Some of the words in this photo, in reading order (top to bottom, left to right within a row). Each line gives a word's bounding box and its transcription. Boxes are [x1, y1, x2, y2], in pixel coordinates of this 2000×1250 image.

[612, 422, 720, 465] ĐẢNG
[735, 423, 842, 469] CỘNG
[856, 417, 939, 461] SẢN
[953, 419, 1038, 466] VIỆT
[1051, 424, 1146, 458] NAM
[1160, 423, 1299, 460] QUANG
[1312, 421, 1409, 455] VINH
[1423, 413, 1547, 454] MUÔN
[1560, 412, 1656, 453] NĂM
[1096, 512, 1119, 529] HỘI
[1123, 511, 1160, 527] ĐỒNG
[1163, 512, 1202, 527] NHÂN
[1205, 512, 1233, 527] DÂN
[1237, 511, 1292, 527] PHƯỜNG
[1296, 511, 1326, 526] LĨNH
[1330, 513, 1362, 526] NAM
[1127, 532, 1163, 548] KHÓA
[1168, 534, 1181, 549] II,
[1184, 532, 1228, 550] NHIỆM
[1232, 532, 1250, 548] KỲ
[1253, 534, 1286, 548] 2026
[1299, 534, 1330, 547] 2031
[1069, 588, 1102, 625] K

+ + + + +

Give every entry back unchanged. Leave none out.

Answer to this problem
Some of the words in this photo, in reading order (top to bottom, left to right within a row). Each line gives a word's bounding box and its transcription. Boxes are [x1, y1, x2, y2], in pixel coordinates of this 2000×1250 image.

[612, 422, 720, 465] ĐẢNG
[735, 423, 842, 469] CỘNG
[856, 417, 939, 461] SẢN
[953, 419, 1038, 466] VIỆT
[1051, 424, 1146, 458] NAM
[1160, 423, 1299, 460] QUANG
[1312, 421, 1409, 455] VINH
[1423, 413, 1547, 454] MUÔN
[1560, 412, 1656, 453] NĂM
[1096, 512, 1119, 529] HỘI
[1123, 511, 1160, 527] ĐỒNG
[1163, 512, 1202, 527] NHÂN
[1205, 512, 1233, 527] DÂN
[1237, 511, 1292, 527] PHƯỜNG
[1296, 511, 1326, 526] LĨNH
[1330, 513, 1362, 526] NAM
[1127, 532, 1163, 548] KHÓA
[1168, 534, 1181, 549] II,
[1184, 532, 1228, 550] NHIỆM
[1232, 532, 1250, 548] KỲ
[1253, 534, 1286, 548] 2026
[1299, 534, 1330, 547] 2031
[1069, 588, 1102, 625] K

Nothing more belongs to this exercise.